Clinically α-like, β-like and intermediate tumours have different outcomes. While α-like and β-like tumours are indolent, intermediate tumours (-ADM and -WT) have high risk of relapse. Interestingly, DAXX/ATRX status alone is not sufficient to discriminate between ARX+ with high and low risk of relapse. Indeed, in the intermediate-WT group we observed the presence of ARX+ tumours, with high risk of relapse. Only the DNA-methylation profile is able to separate ARX+ PanNET with low risk from high risk of relapse. The intermediate groups of PanNET are characterized by high risk of relapse but are molecularly different (ADM and WT) (Fig. 3d and Supplementary Fig. 7d). Further work is needed to assess whether intermediate-ADM and intermediate-WT aggressive PanNETs have different origins or respond differently to therapies.

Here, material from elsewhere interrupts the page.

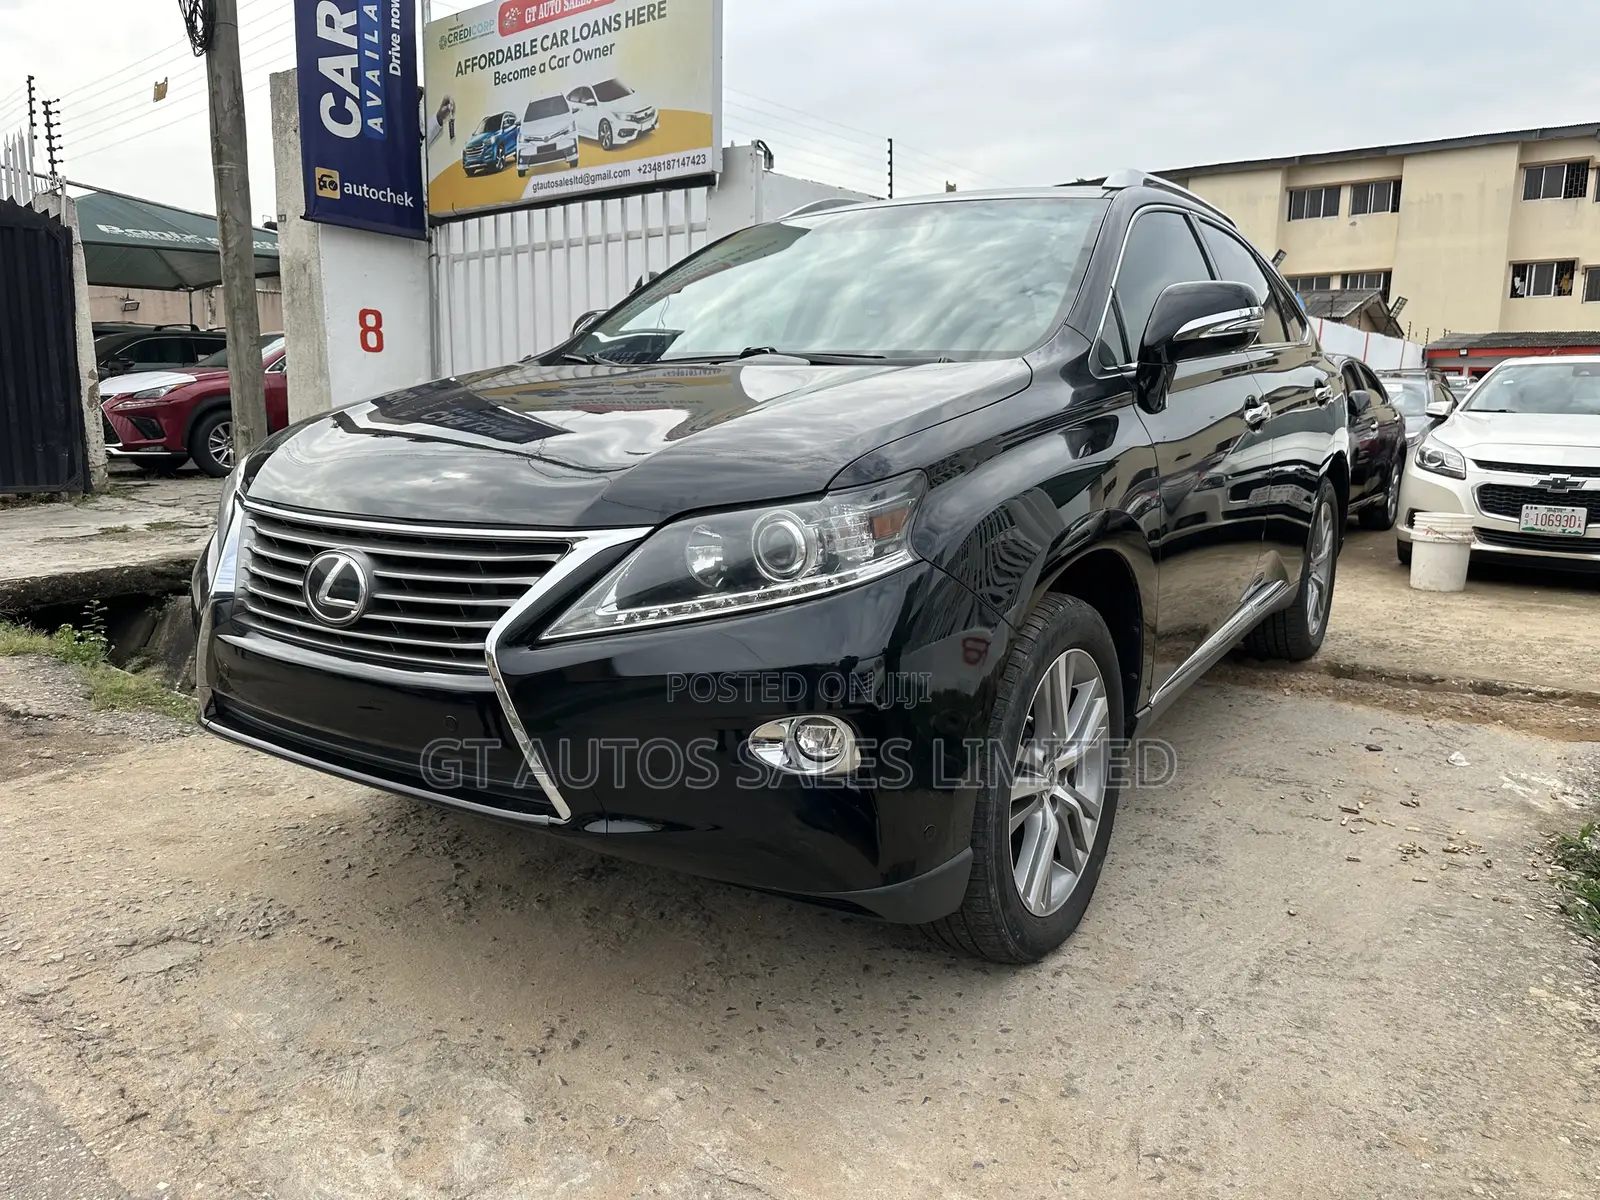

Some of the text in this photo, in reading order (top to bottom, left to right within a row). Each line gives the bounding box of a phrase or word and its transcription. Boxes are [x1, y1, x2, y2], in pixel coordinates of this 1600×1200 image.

DNA-methylation analysis clearly bears advantages over ChIP-seq assays, it is easily performed on diagnostic routine FFPE specimens. We foresee a potential clinical use of epigenetic profiling for PanNETs similar to CNS tumor classification, able to define clinically relevant groups28,50,51. In addition, DNA methylation remains stable in circulating tumor cells (CTCs) and cell-free DNA (cfDNA) (reviewed in ref. 52), hence might be applied to monitor progression in individual patients in a noninvasive liquid biopsy. DNA-methylation profiles can help in identifying patients with risk of relapse and we envision that in the future can help in predicting therapy response.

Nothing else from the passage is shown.